Action in equity by William Urban and Barbara Urban against Viola Murphy Nevins, Ada Butcher, as guardian of the person and estate of Viola Murphy Nevins, a person of unsound mind, and Martin Nevins, to have a conveyance in the form of a warranty deed declared to be in fact a mortgage and for its foreclosure, wherein Viola Murphy Nevins by her guardian sought cancellation of the deed on the ground of mental incompetency. From a decree in favor of plaintiff, Viola Murphy Nevins by her guardian appeals.

Decree affirmed.

Scott Peters, of Jefferson City, for appellant.

Russell T. Keyes, H. P. Lauf, John O. Bond, all of Jefferson City, for respondents.

HYDE, Commissioner.

This is an action in equity to declare a conveyance, in the form of a warranty deed, to be in fact a mortgage and for its foreclosure. Defendant Viola Murphy Nevins, by separate answer filed by her guardian, sought affirmative relief of cancellation of this warranty deed (and also a note to plaintiffs signed by her) on the ground that she was mentally incompetent to make a deed. Defendant Martin Nevins did not file answer but made default. The court found in favor of the competency of this defendant, on the date the deed was made, and entered the decree sought by plaintiffs, from which this defendant by her guardian has appealed.

Defendant Viola Murphy Nevins (hereinafter referred to as Mrs. Nevins) died during the pendency of this appeal and revival in the name of her administratrix (who is the same person as her guardian) has been ordered. (We hereinafter refer to the administratrix as defendant.) Defendant makes an assignment of error concerning striking out parts of the answer originally filed. No such ground was stated in the motion for new trial and, therefore, this matter is not preserved for appellate review.

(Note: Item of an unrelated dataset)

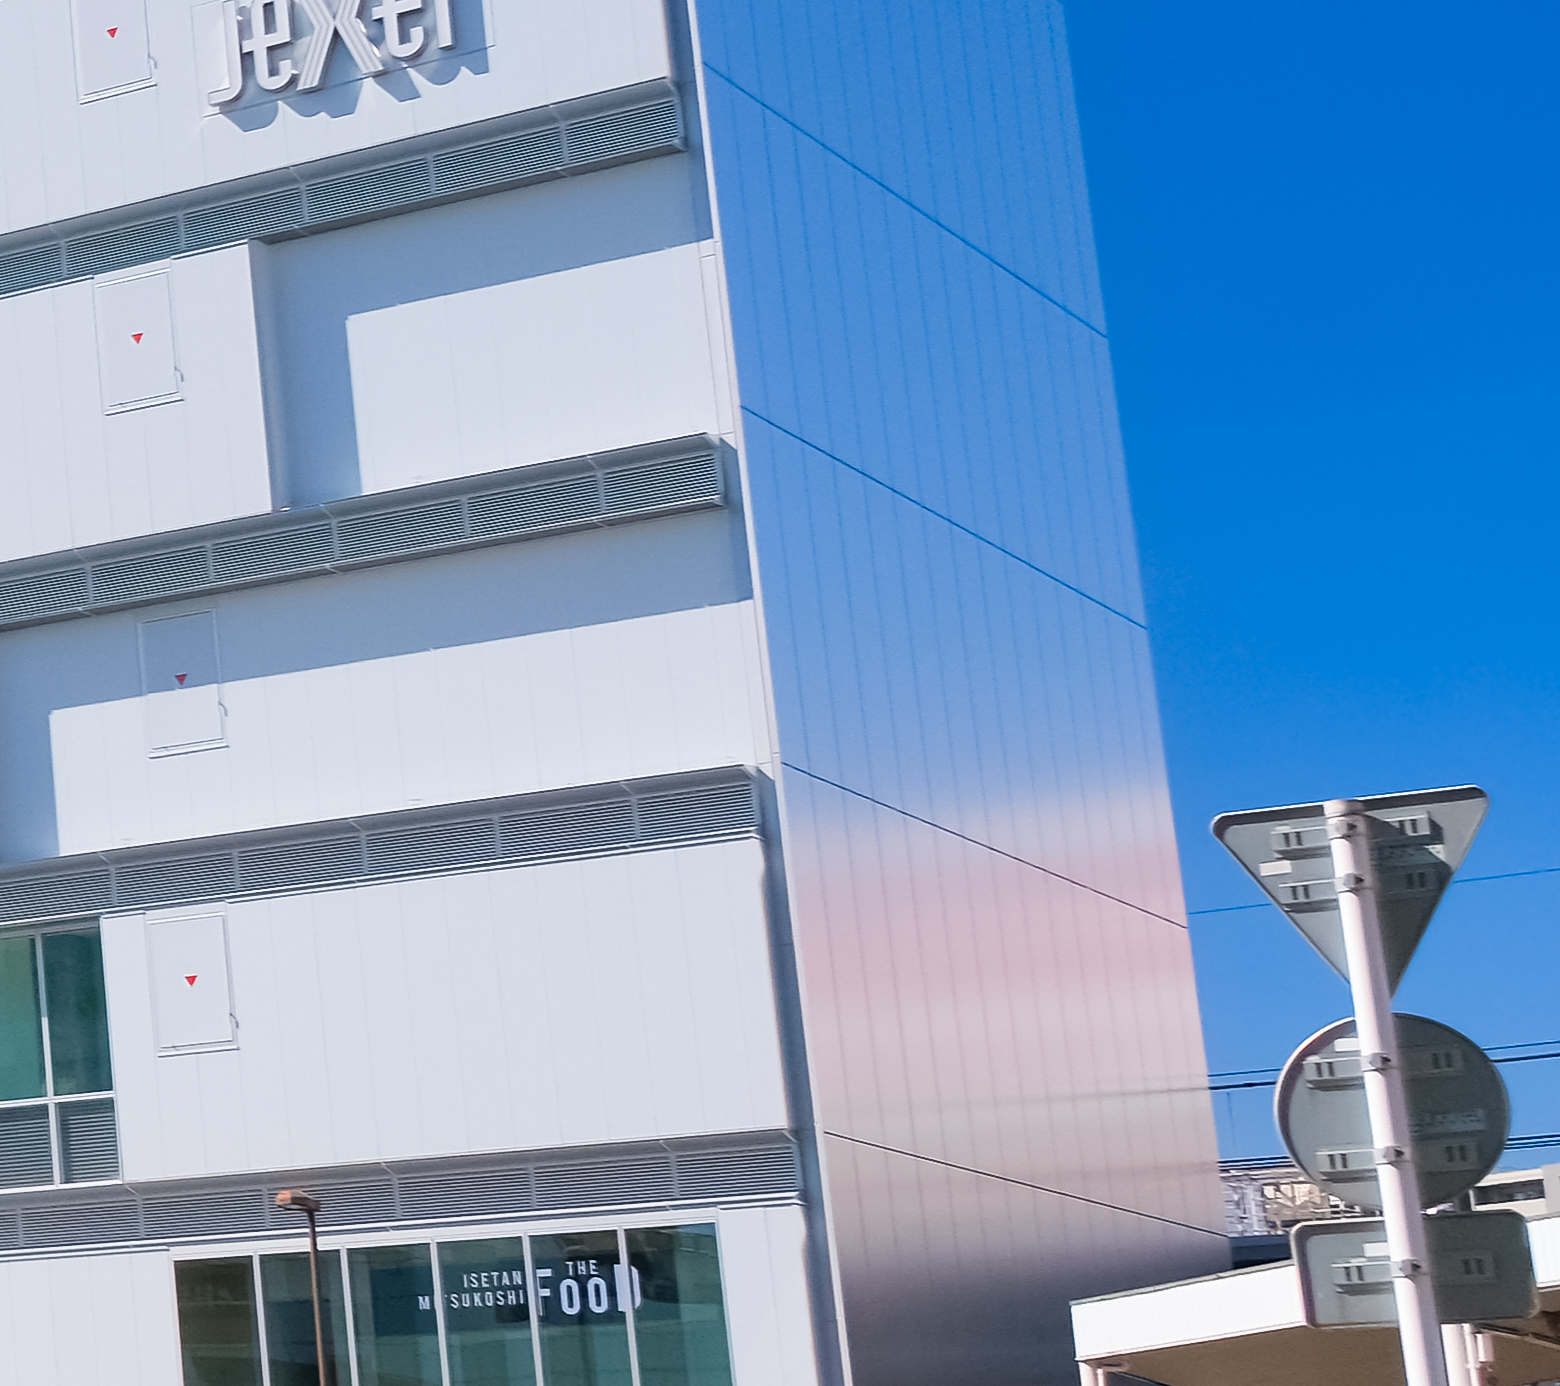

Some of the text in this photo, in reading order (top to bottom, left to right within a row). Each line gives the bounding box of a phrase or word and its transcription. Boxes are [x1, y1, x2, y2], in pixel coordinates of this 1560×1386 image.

[565, 1259, 600, 1277] THE
[463, 1269, 523, 1289] ISETAN
[418, 1289, 525, 1311] MSUKOSHI
[535, 1263, 643, 1317] FOOD
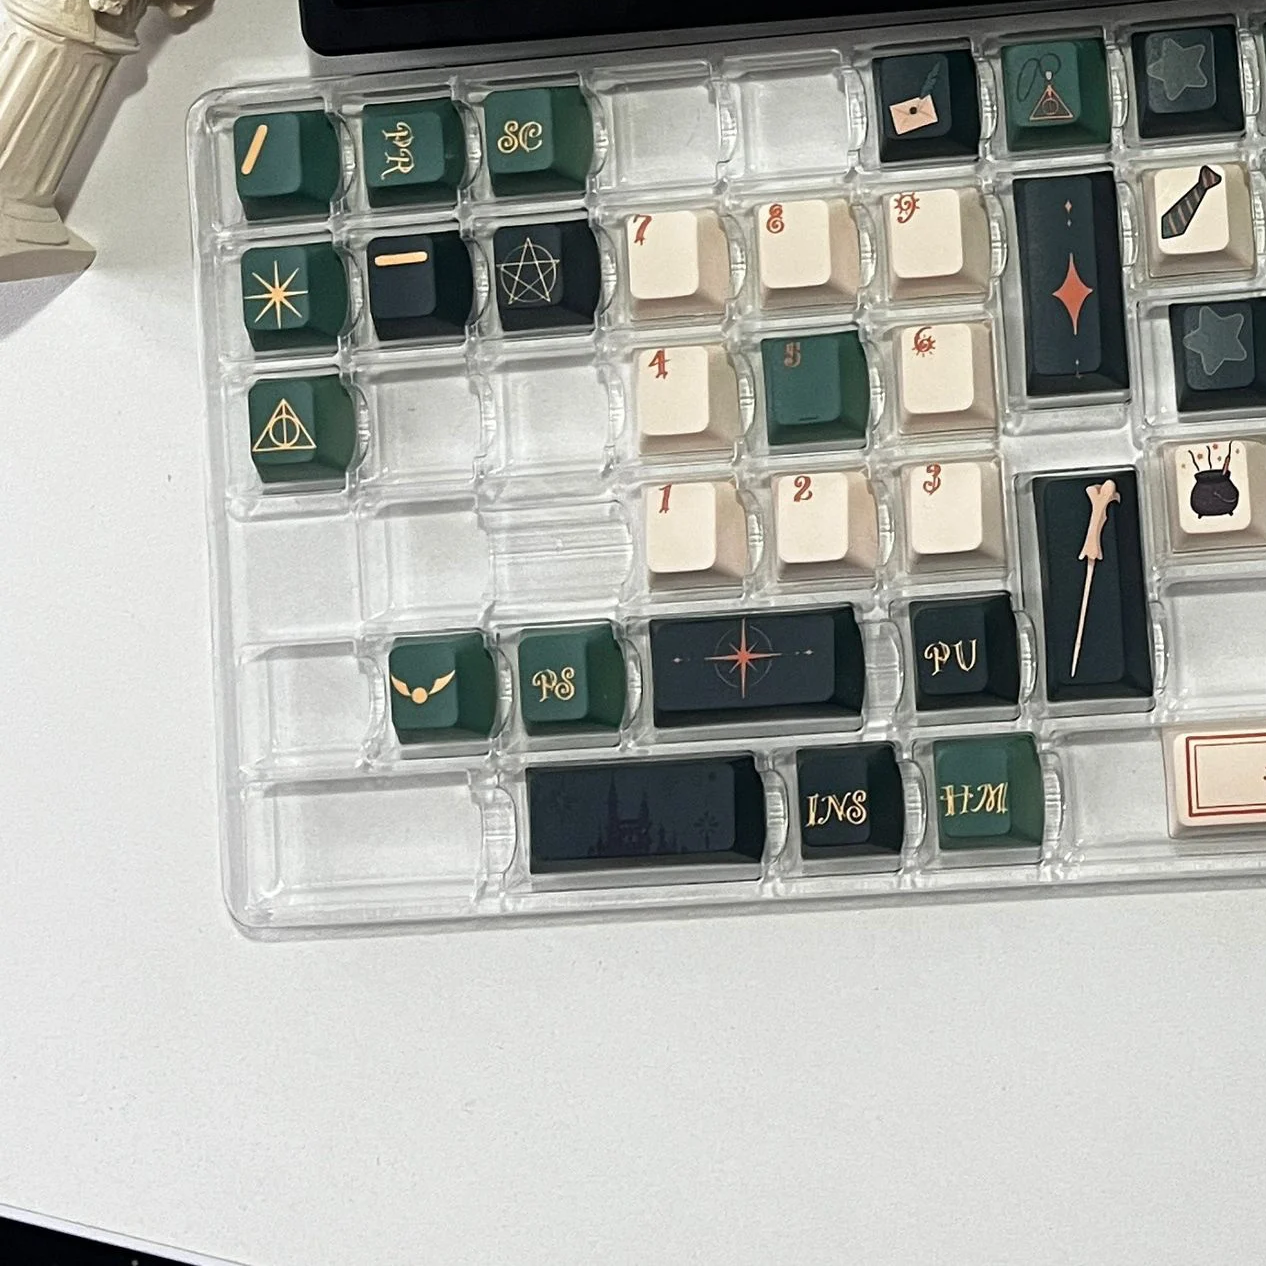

Defendant's remaining assignments all amount to the contention that the court's finding as to the mental competency of Mrs. Nevins was erroneous and that we should make a contrary finding, and hold the deed (which conveyed her homestead) to plaintiffs to be void ab initio. While we are not bound by the trial chancellor's findings in an equity case, but consider the evidence in the record de novo, nevertheless we usually defer to his findings on conflicting oral evidence of witnesses who appeared before him, unless the evidence is overwhelmingly against them and we consider them clearly erroneous.

Plaintiffs' evidence showed that they loaned Mr. and Mrs. Nevins $930 in 1933 to pay off a deed of trust on the land where they lived, made in 1930, upon which this amount was due. The record title was then in the name of Mr. and Mrs. Nevins as an estate in entirety. (However, Mrs. Nevins inherited this land from her father.) The note secured by the trust deed was paid by plaintiffs' loan and the trust deed released. Plaintiff, instead of taking a new trust deed, took a warranty deed (which is the deed defendant seeks to have declared void ab initio) and gave Mr. and Mrs. Nevins a bond for a deed upon payment of the amount loaned within five years. It is this transaction they seek to have declared a mortgage and ask for foreclosure thereof including additional amounts for taxes and insurance paid and repairs made. The deed of trust paid off by plaintiffs' loan was made to pay off a $900 loan made by Warren Miller of California in 1928, which transaction was also made in the form of a warranty deed with bond for deed upon payment. Mr. Miller made his loan to pay off a prior loan of about this amount made to Mr. and Mrs. Nevins by the Bank of Centertown. When the Bank's loan was made or how it was secured does not appear. However, it was used to build a barn and other buildings on this land. Mr. and Mrs. Nevins were married in 1927. They were separated not long after plaintiffs' loan was made. Mrs. Nevins was 72 years old at the time of the trial.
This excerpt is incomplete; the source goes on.